Hi guys, I read this from the Youtube video of the "Blizzard" fog chiller from Froggy's Fog.

"Can it be used with dry ice as well?"
The VEST(tm) system relies on the creation of real fog, not just cooling of the hot smoke from the fog machine. Therefor the ice itself is critical to the creation of the ultimate product, so dry ice would not add to the effect. It would also be incredibly expensive compared to the ice cubes, even if it would have added something. Water based ice cubes work perfectly in all Vortex low-fog generators.

I know Wolfpack used dry ice pellets in the video and it was incredible! Have you tried just regular ice and compared the difference. I used 4 20lb bags of ice last year. My shelf was lower than Wolfpack's, mine was about 10 inches high. The results were good but not anything like the video. I also used a 3 foot inlet pipe with a Y adapter and the outlet pipe was about the same length with a trash bag on the end. I think this year I will raise the shelf a little because it may have too much ice in it. I also want to keep the inlet and outlet pipe as short as possible like the video. I thought the longer pipe would chill the fog more but I think it limited the output. The fog was dense and low but did not spread far like the video.
 
I purchased basically the same materials from Lowes the other day (however I went with a different brand of garbage can). This will be my weekend project, to try and replicate the same fog output. Also, I'm going to play around with lid and try seal if off so nothing is leaking out the top. I have a few rolls of those sticky foam strips I'll lay around the top so when the lid snaps in place it should give it a good seal. We'll see.
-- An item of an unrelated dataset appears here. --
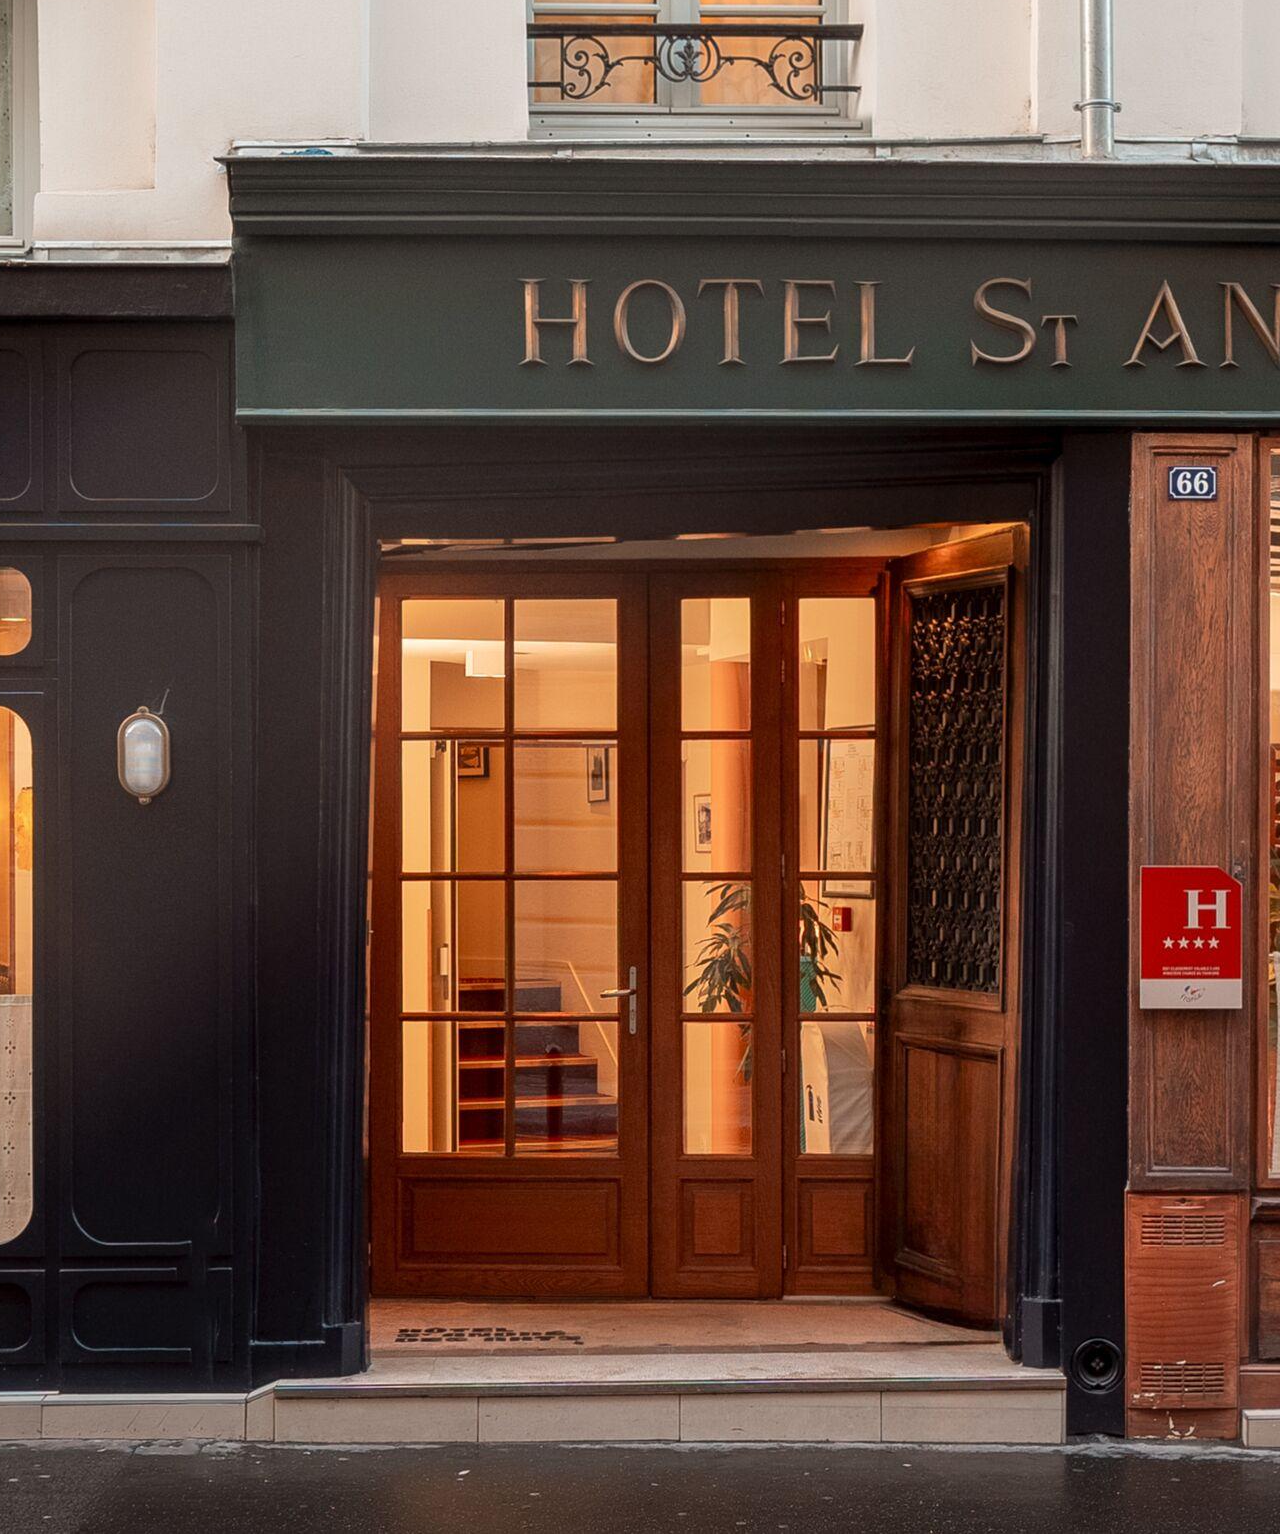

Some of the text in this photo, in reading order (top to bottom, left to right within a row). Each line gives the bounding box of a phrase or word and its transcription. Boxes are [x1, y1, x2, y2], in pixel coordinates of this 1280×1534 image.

[518, 277, 915, 367] HOTEL
[1176, 471, 1209, 494] 66
[1182, 889, 1232, 929] H
I'll probably just fill the top compartment with a few bags of ice from the gas station. I don't easily have access to a ton of dry ice, so hopefully this will suffice.
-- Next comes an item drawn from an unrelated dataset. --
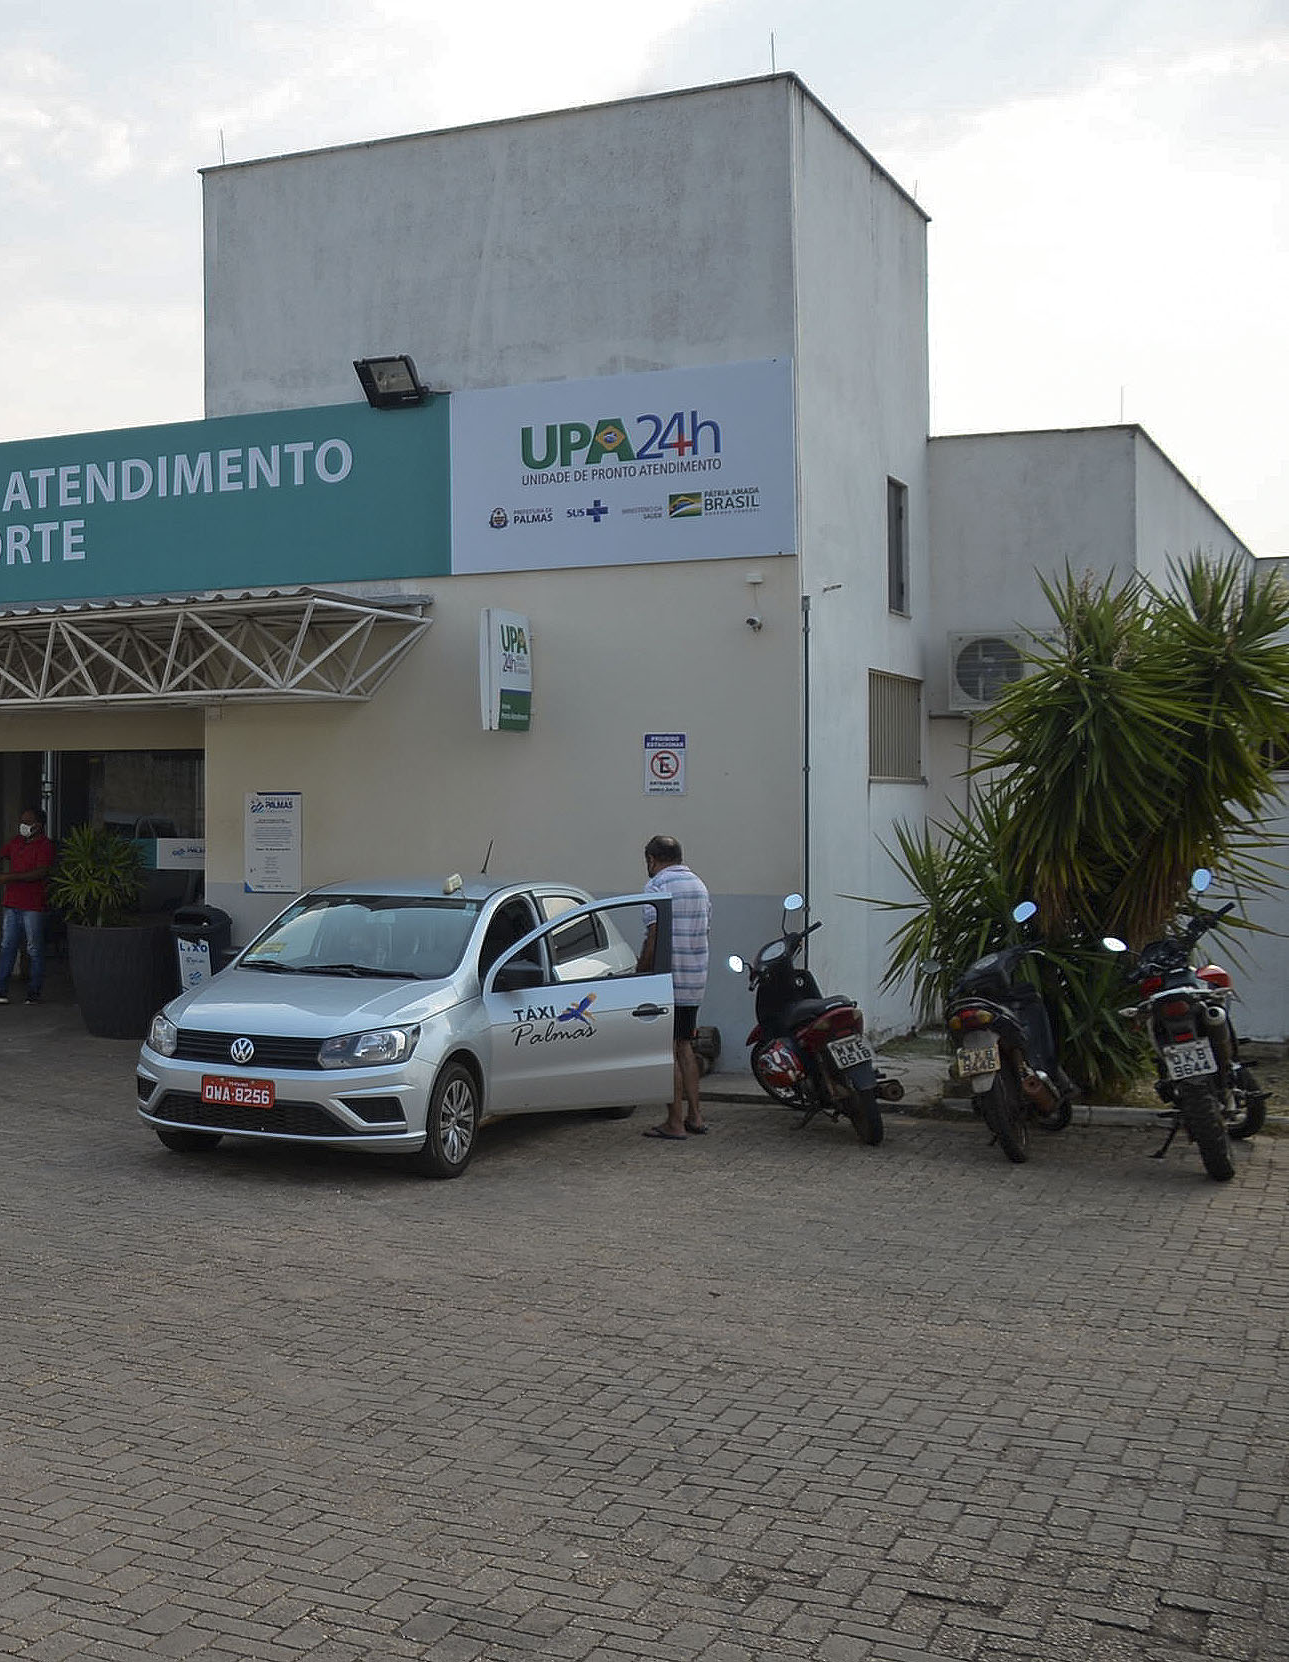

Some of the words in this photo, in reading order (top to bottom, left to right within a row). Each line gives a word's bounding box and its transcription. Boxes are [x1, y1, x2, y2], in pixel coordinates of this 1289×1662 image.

Thanks for the idea and wish me luck.
I used the foam insulation tape on the one I made last year. It still let fog out the top. I solved this really easily by laying a trash bag over the top of the garbage can and then putting the lid on top of it. So that the bag is sandwiched between the lid and the insulation tape.
 
Frost King 1/2-in x 6-ft Foam Plumbing Tubular Pipe Insulation
Item # 24421 Model # P10XB/6



This worked great around the top rim of the can. No leaks at all, you can bend it around to the shape of the can.And a cheap fix. About a dollar.
 
I used the foam insulation tape on the one I made last year. It still let fog out the top. I solved this really easily by laying a trash bag over the top of the garbage can and then putting the lid on top of it. So that the bag is sandwiched between the lid and the insulation tape.
That's a good idea. That will be my Plan B if my 3/4 inch foam tape fails me. I built my chiller over the weekend, but I haven't tested it out yet. I wanted all the caulking and sealants to settled in before blasting it with hot steam.

Thanks!
 
Got a question here, and I'm seeing differing opinions all over the internet.

Apparently in the original design (with the short pipe as the inlet) about the bottom 2/3 of the chiller is left open as an expansion chamber for the incoming fog. Have I got that right?

Now if you do a reverse set up (with the short pipe as the outlet) would that change? Would you then need the TOP 2/3 to be open?

What if I made each section equal, regardless of inlet - 1/3 open at the top, 1/3 ice, 1/3 open at the bottom?

Any thoughts or advice are greatly appreciated.